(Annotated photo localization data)

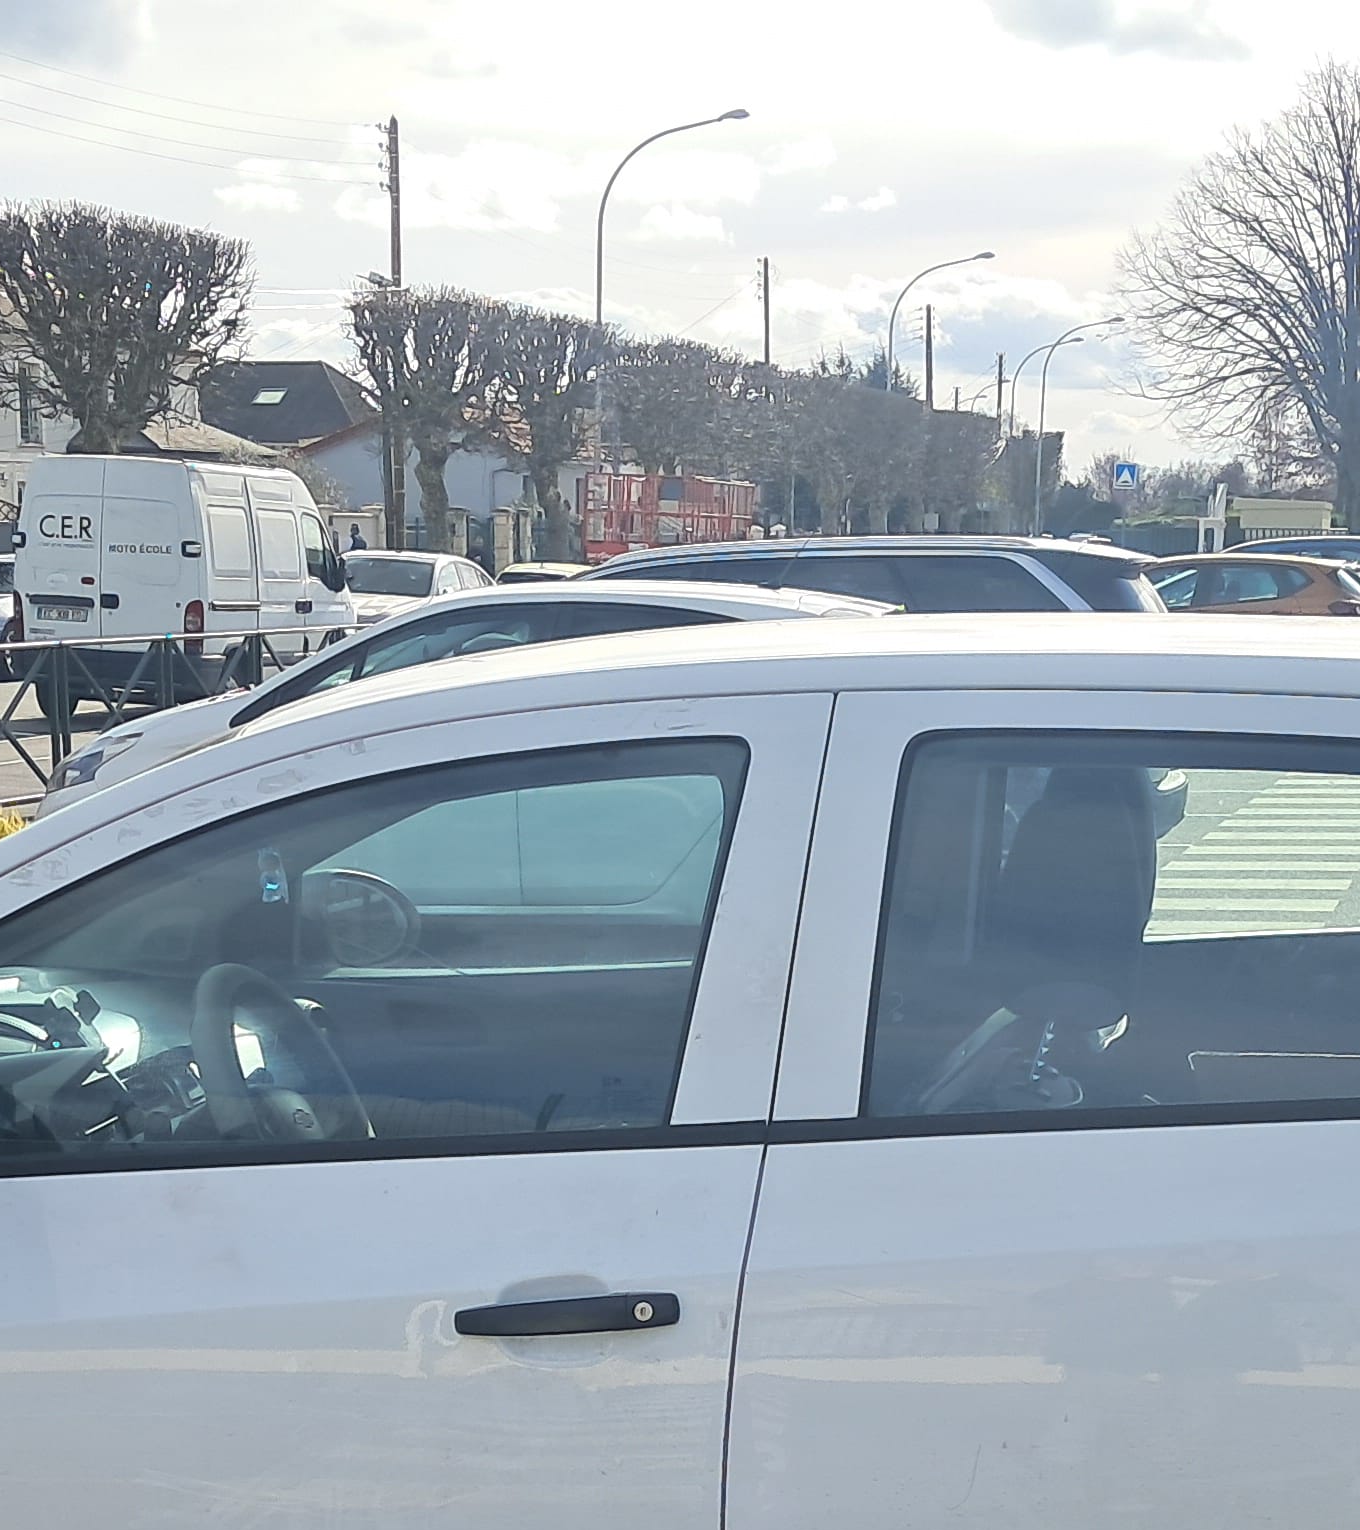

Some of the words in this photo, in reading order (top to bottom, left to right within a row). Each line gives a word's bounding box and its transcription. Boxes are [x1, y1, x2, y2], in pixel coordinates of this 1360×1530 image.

[40, 514, 93, 540] C.E.R
[108, 544, 137, 554] MOTO
[139, 542, 172, 555] ÉCOLE
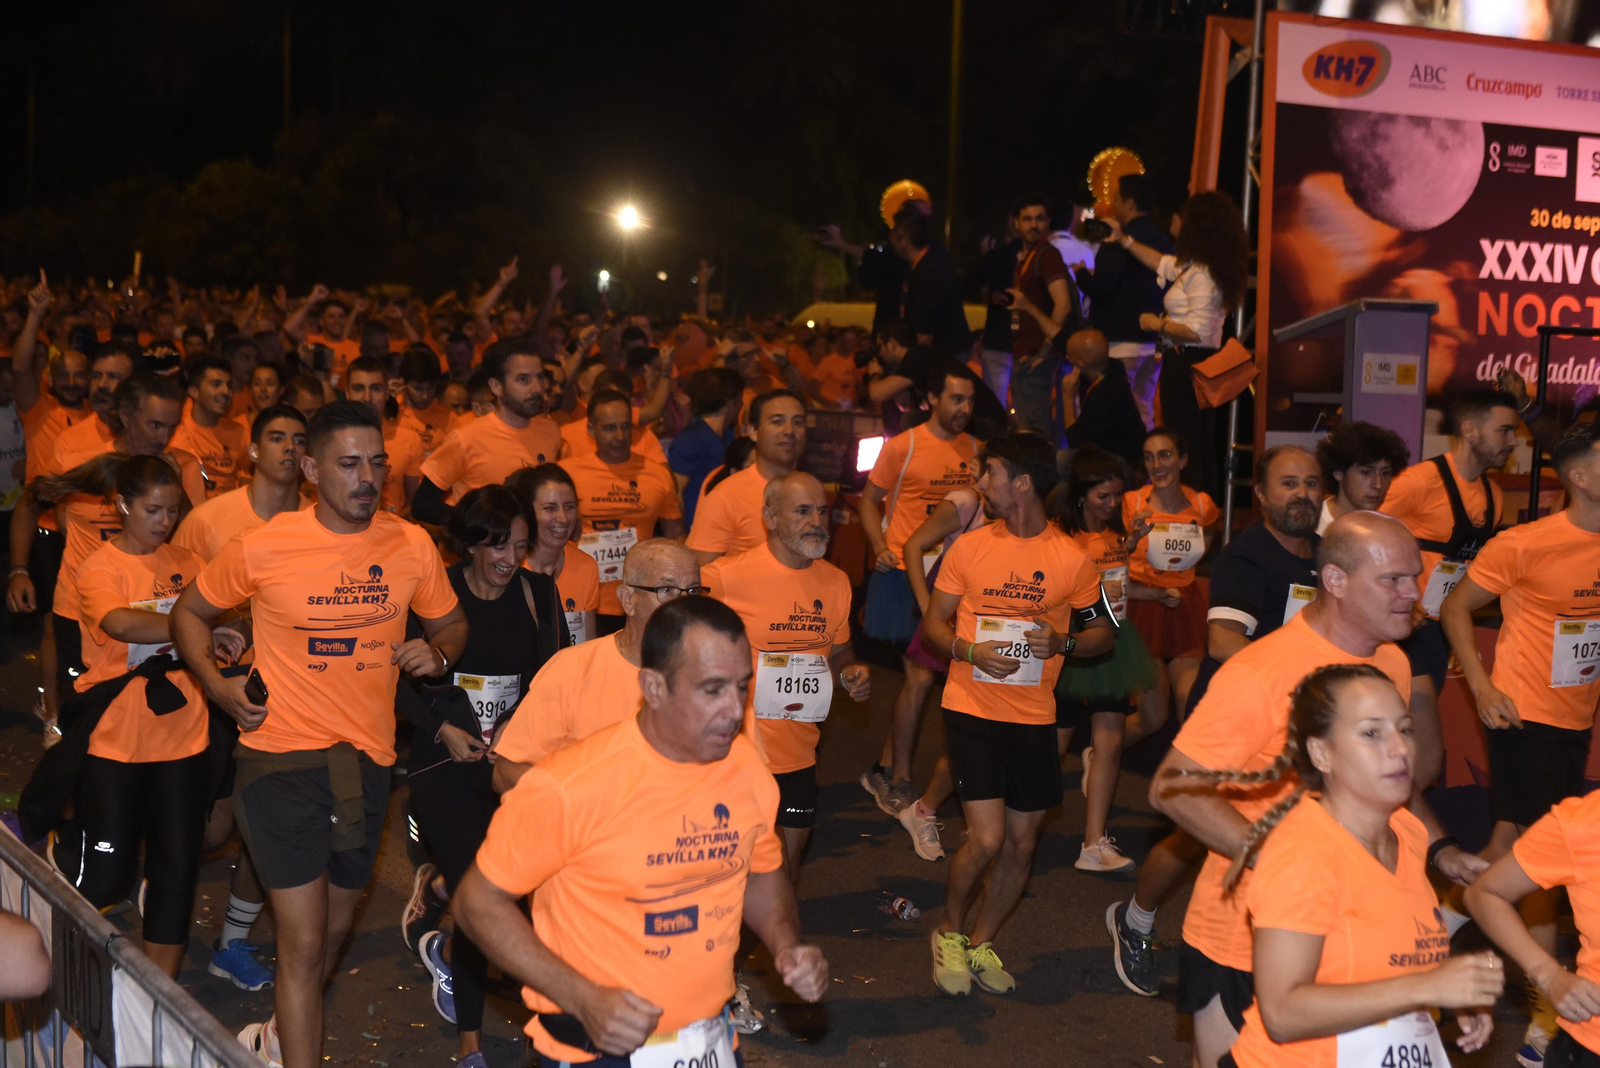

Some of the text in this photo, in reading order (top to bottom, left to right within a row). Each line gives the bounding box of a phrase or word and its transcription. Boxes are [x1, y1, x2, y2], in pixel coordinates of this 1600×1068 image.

[1409, 64, 1448, 84] ABC
[1466, 72, 1543, 101] Cruzcampo
[1556, 85, 1589, 101] TORRE
[1530, 207, 1600, 237] 30 de sep
[1478, 238, 1590, 285] XXXIV
[1165, 538, 1191, 552] 6050
[593, 546, 627, 562] 17444
[334, 584, 390, 595] NOCTURNA
[982, 588, 1020, 599] SEVILLA
[1002, 582, 1046, 595] NOCTURNA
[307, 595, 359, 606] SEVILLA
[788, 614, 827, 624] NOCTURNA
[769, 623, 806, 632] SEVILLA
[776, 677, 819, 694] 18163
[676, 831, 739, 849] NOCTURNA
[646, 850, 705, 867] SEVILLA
[1381, 1043, 1433, 1068] 4894
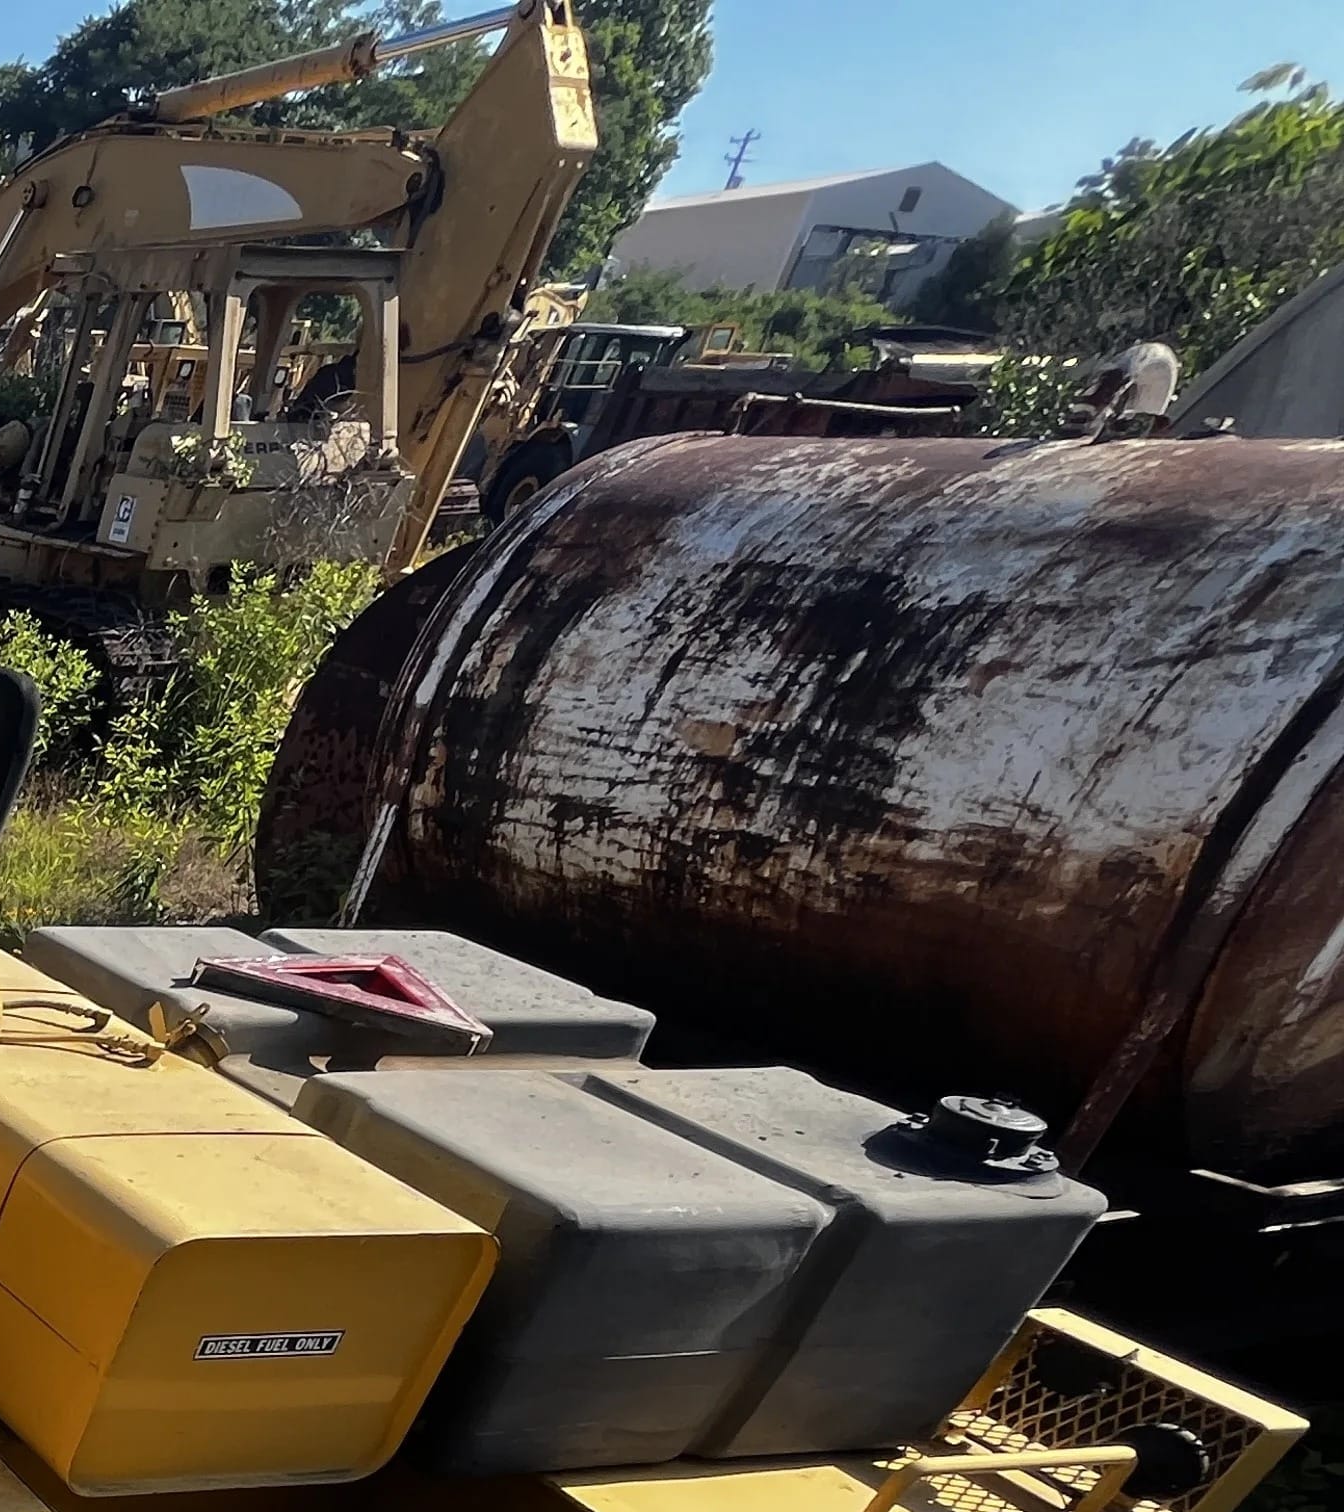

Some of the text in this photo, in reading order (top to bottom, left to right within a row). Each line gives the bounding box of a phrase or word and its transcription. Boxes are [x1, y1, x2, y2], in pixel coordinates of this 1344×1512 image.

[204, 1337, 334, 1355] DIESEL FUEL ONLY
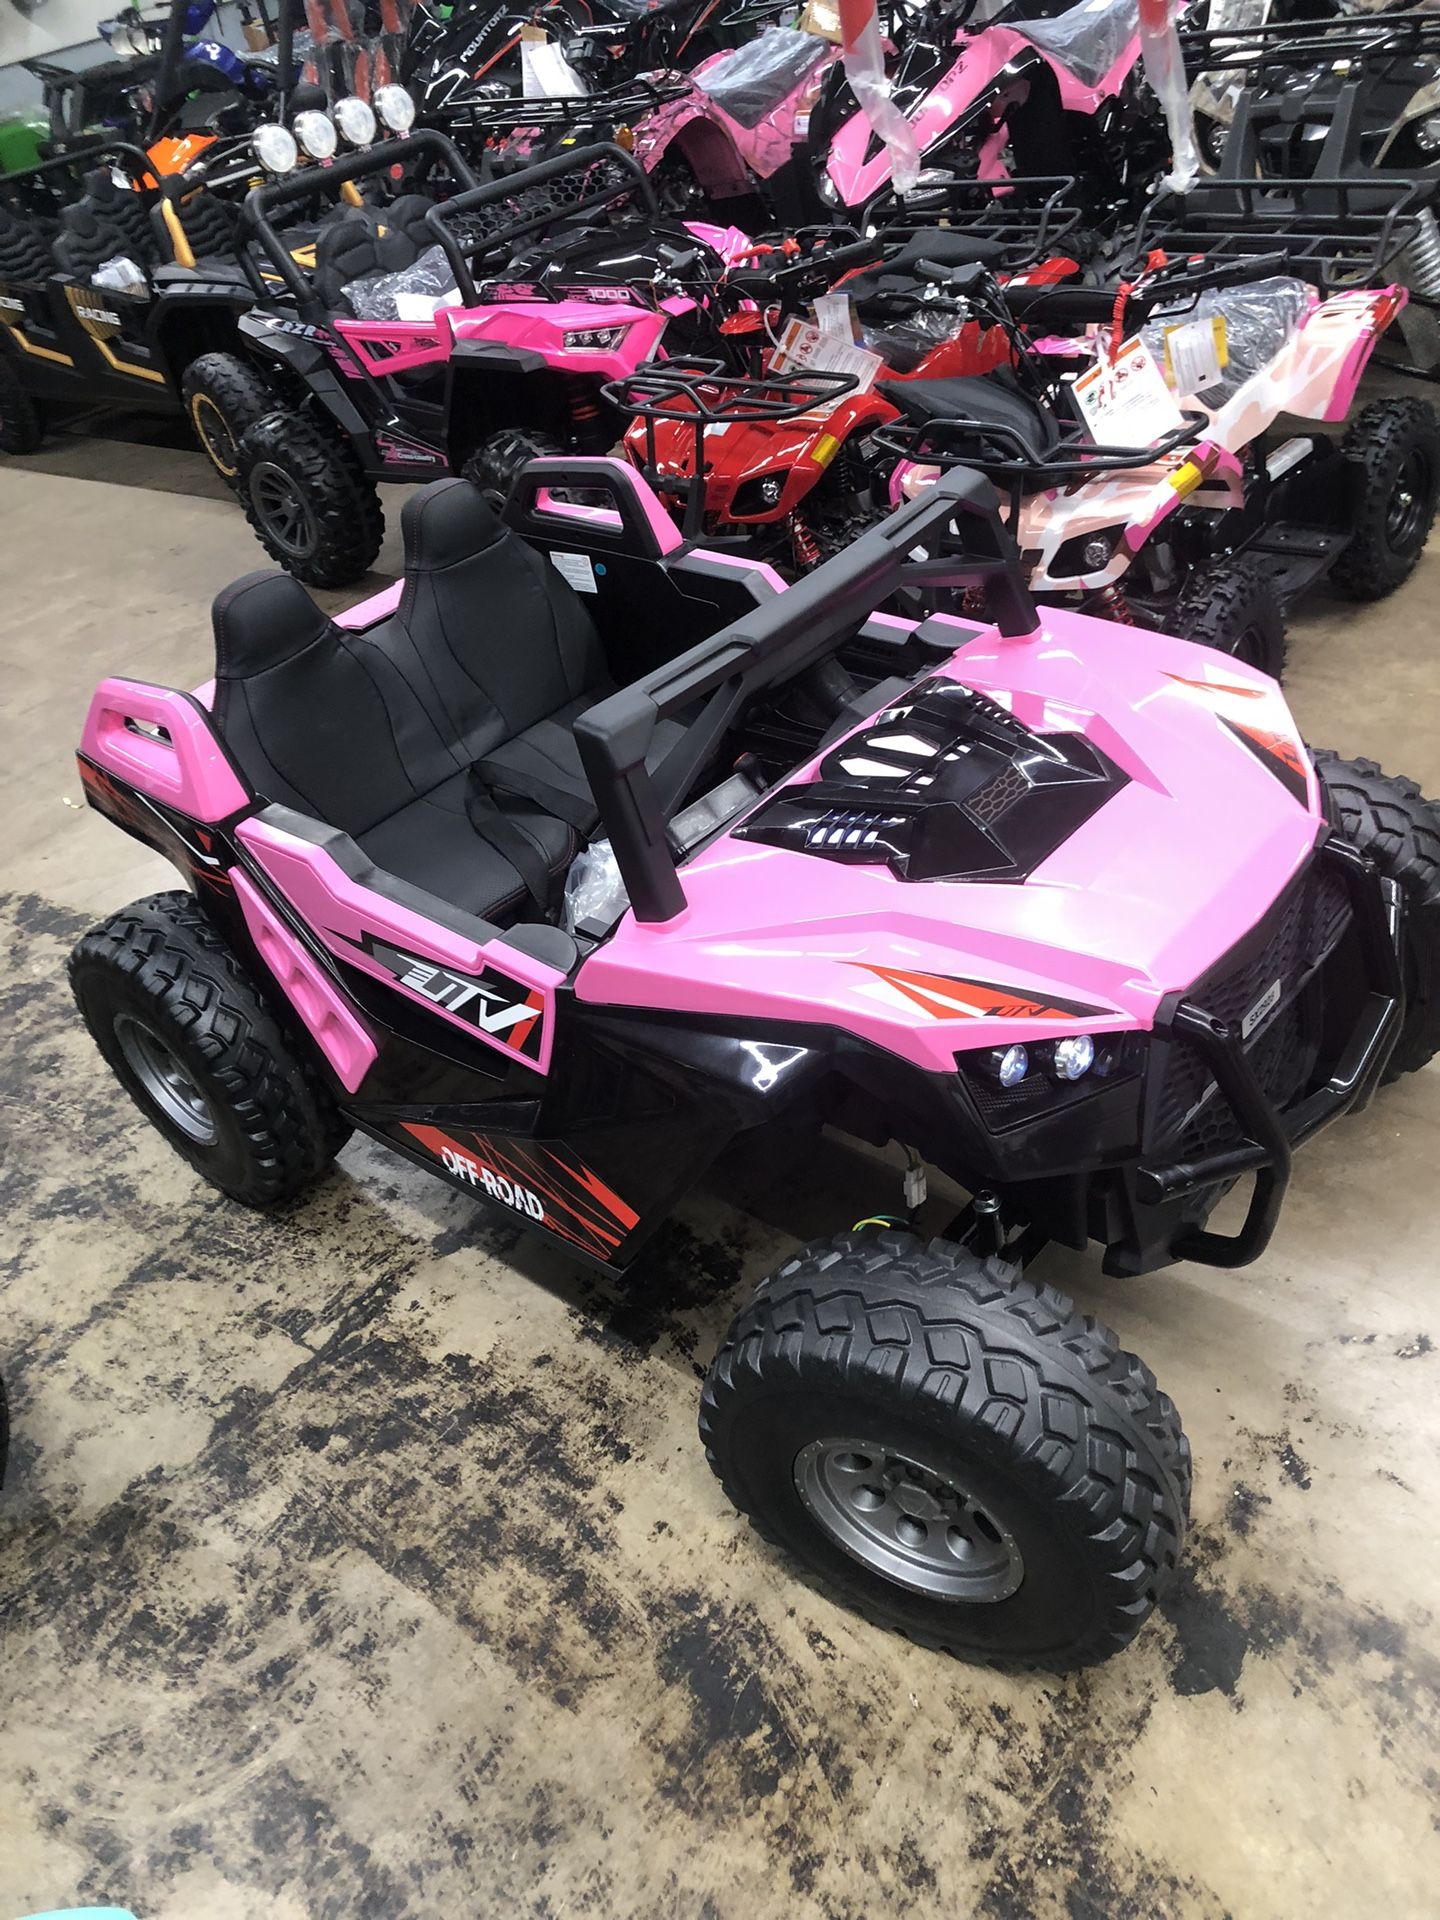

--- WHAT THE TASK ASKS ---
What you return must be every entry, word for word, without any pictures.

--- SOLUTION FOR THIS EXERCISE ---
Some of the words in this photo, in reading order (top to bottom, left to right within a row). Each line gives a word's bounding box and its transcription. Boxes are [x1, y1, x2, y2], in pixel coordinates of this 1360×1530 image.

[40, 514, 93, 540] C.E.R
[108, 544, 137, 554] MOTO
[139, 542, 172, 555] ÉCOLE

Some of the text in this photo, in reading order (top to bottom, left to right within a row). Each line gives the bounding box of a phrase or word and its transcription. Boxes are [x1, y1, x2, y2], in pixel coordinates of this 1600×1068 image.

[1409, 64, 1448, 84] ABC
[1466, 72, 1543, 101] Cruzcampo
[1556, 85, 1589, 101] TORRE
[1530, 207, 1600, 237] 30 de sep
[1478, 238, 1590, 285] XXXIV
[1165, 538, 1191, 552] 6050
[593, 546, 627, 562] 17444
[334, 584, 390, 595] NOCTURNA
[982, 588, 1020, 599] SEVILLA
[1002, 582, 1046, 595] NOCTURNA
[307, 595, 359, 606] SEVILLA
[788, 614, 827, 624] NOCTURNA
[769, 623, 806, 632] SEVILLA
[776, 677, 819, 694] 18163
[676, 831, 739, 849] NOCTURNA
[646, 850, 705, 867] SEVILLA
[1381, 1043, 1433, 1068] 4894

Some of the text in this photo, in reading order (top to bottom, left to right within a row). Each line gives the bounding box of a phrase or word and its transcription. Boxes are [x1, y1, x2, y2], in pixel coordinates of this 1344×1512 image.

[204, 1337, 334, 1355] DIESEL FUEL ONLY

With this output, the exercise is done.